By Brianna Wiest
We tend to place “anxiety” somewhere in the “emotional” issue sphere, assuming that it’s causes, and solutions, are strictly mental. In reality, our bodies are interdependent organisms, and often, we fail to recognize how our ancient, animalistic systems are just misfiring and misfunctioning in a modern society wherein we do not know how to make sense of them.
David Carbonell attributes a struggle with anxiety to getting caught in the “anxiety trick,” or when our minds confuse discomfort for danger.
He explains that when you’re in danger, you have three options: fight, flight or freeze. Your reaction is dependent on on how well you can size up the threat (which is what accounts for a lot of overthinking).

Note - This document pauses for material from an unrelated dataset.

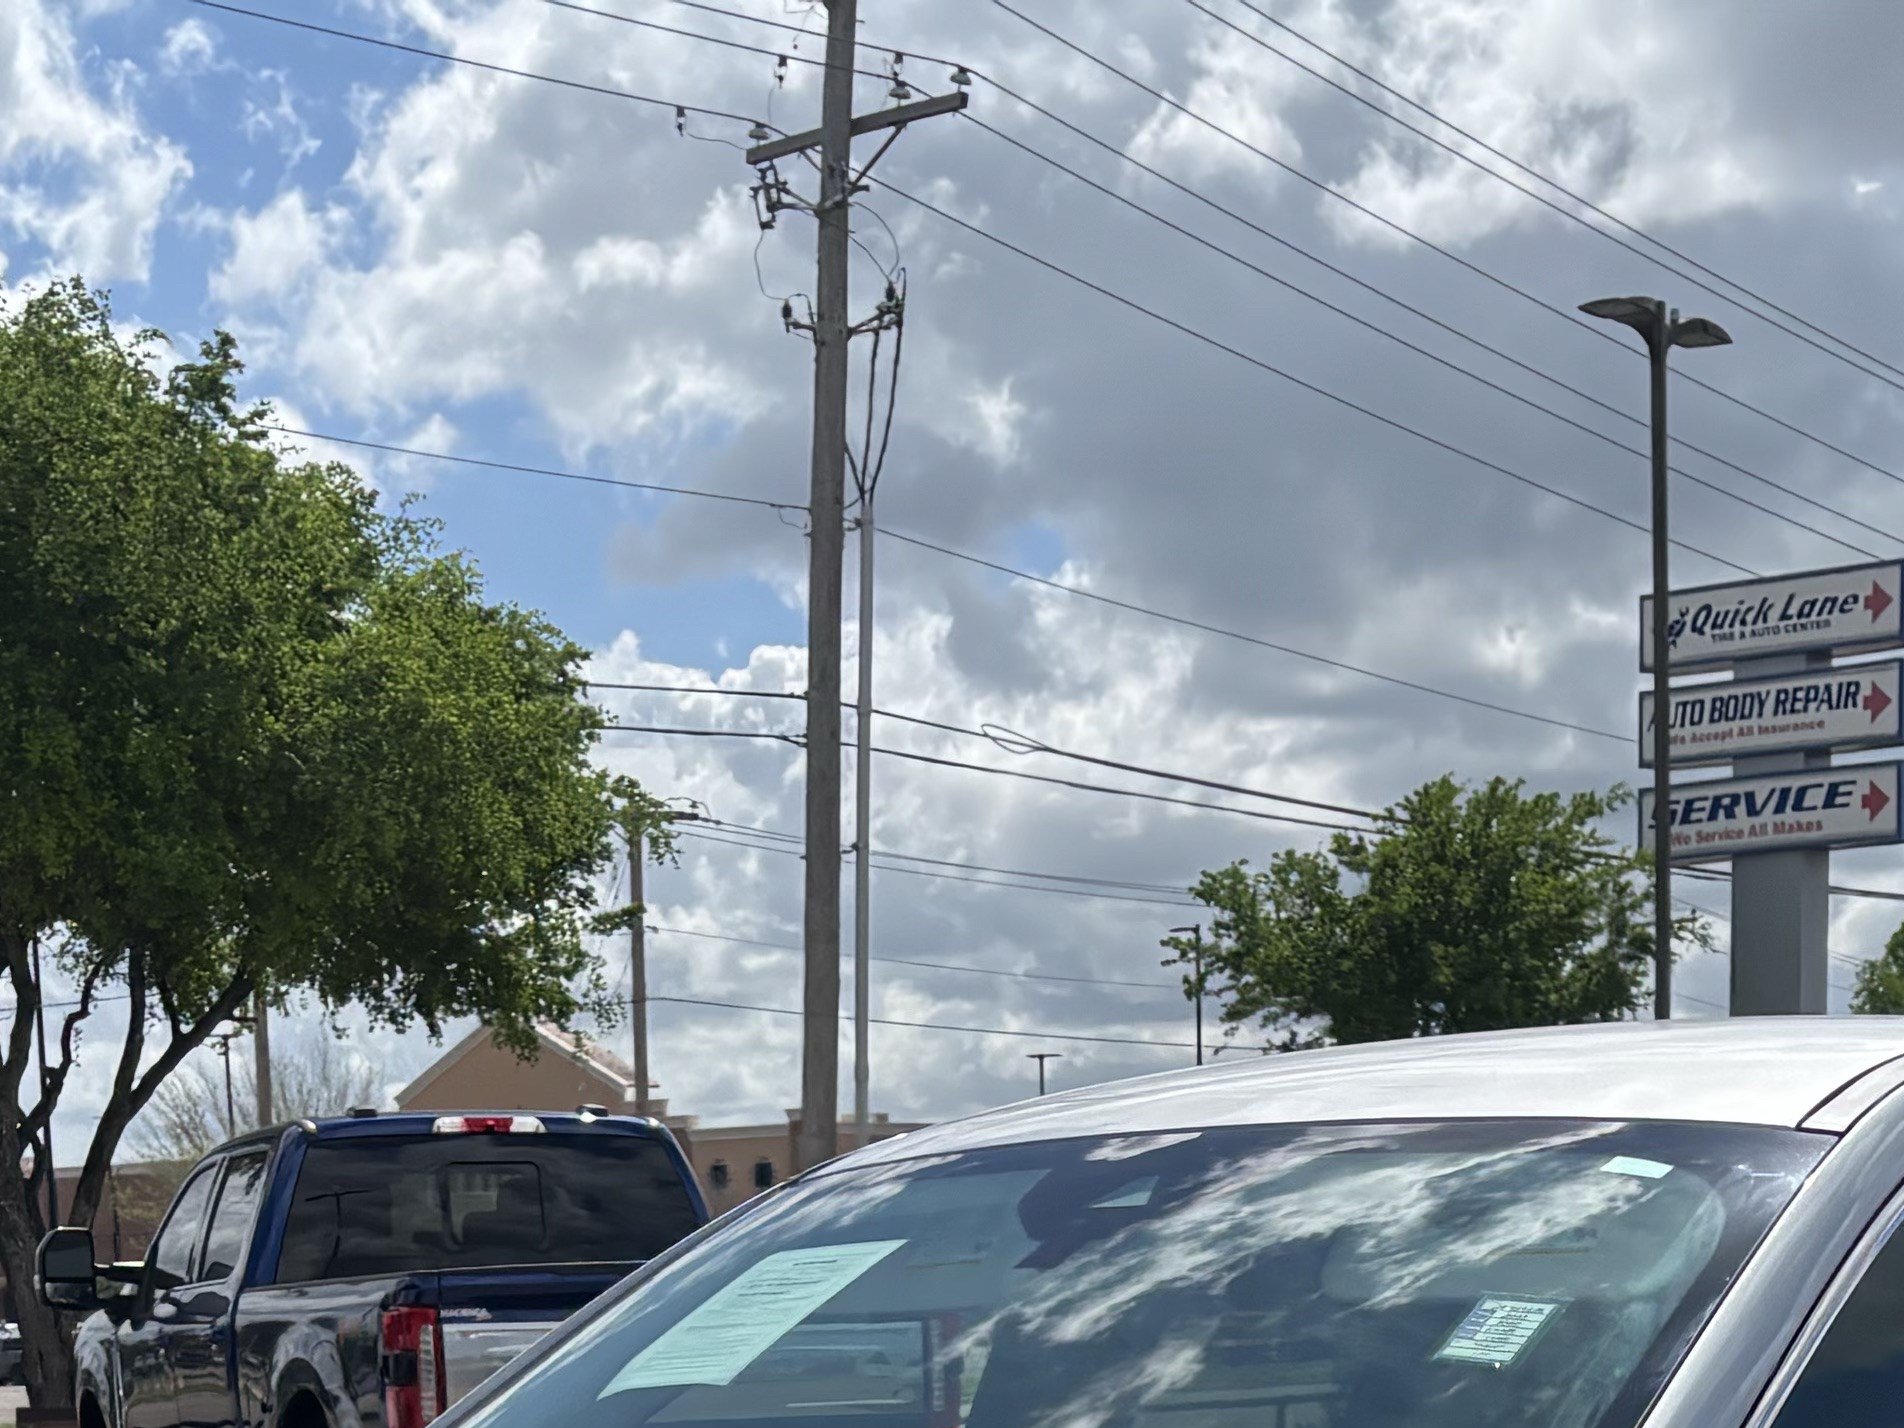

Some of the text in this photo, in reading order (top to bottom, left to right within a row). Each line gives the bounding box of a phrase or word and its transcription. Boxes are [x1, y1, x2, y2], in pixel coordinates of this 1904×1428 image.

The problem arises when we respond to “danger” rather than “discomfort.”
He gives the following as evidence: a person with a panic disorder gets tricked into the physiological response of holding their breath and fleeing rather than deep breathing and allowing the feeling to pass. A person with generalized anxiety gets tricked into trying to figure out where the danger in the “what if” thoughts comes from, rather than just letting them come and go. A person with social phobia gets tricked into avoiding a party, rather than attending, and speaking with people. A person with a fear of an animal gets tricked into avoiding the animal to stay “safe,” rather than spending some time with it until the feeling passes.
The point is that in responding to anxiety as though it is danger, we make choices to resolve the feeling that are more appropriate for if there were an actual threat. When we feel better because we have avoided the “danger,” we think we have solved the problem. We have not.
Most often anxiety is just a discomfort that we have to allow to come and pass. Legitimate danger is not something we ever have to wonder about. You will know when you’re in danger. You will have anxiety when you are not, but you think you are.
It is reinforcing the “danger” response that leads to more intrusive thoughts and intense emotions, as well. If you “solve” an emotional issue by acting as though it’s dangerous, you teach yourself that there’s real danger, which is why your reaction to the issue only intensifies the next time you experience it.
The point is that learning to overcome anxiety has a lot to do with simply allowing the feeling of discomfort without trying to over-react to it. If you learn how to stop over-assigning meaning to sensations in your body, you’ll learn how to actually respond to your emotions in a healthy way.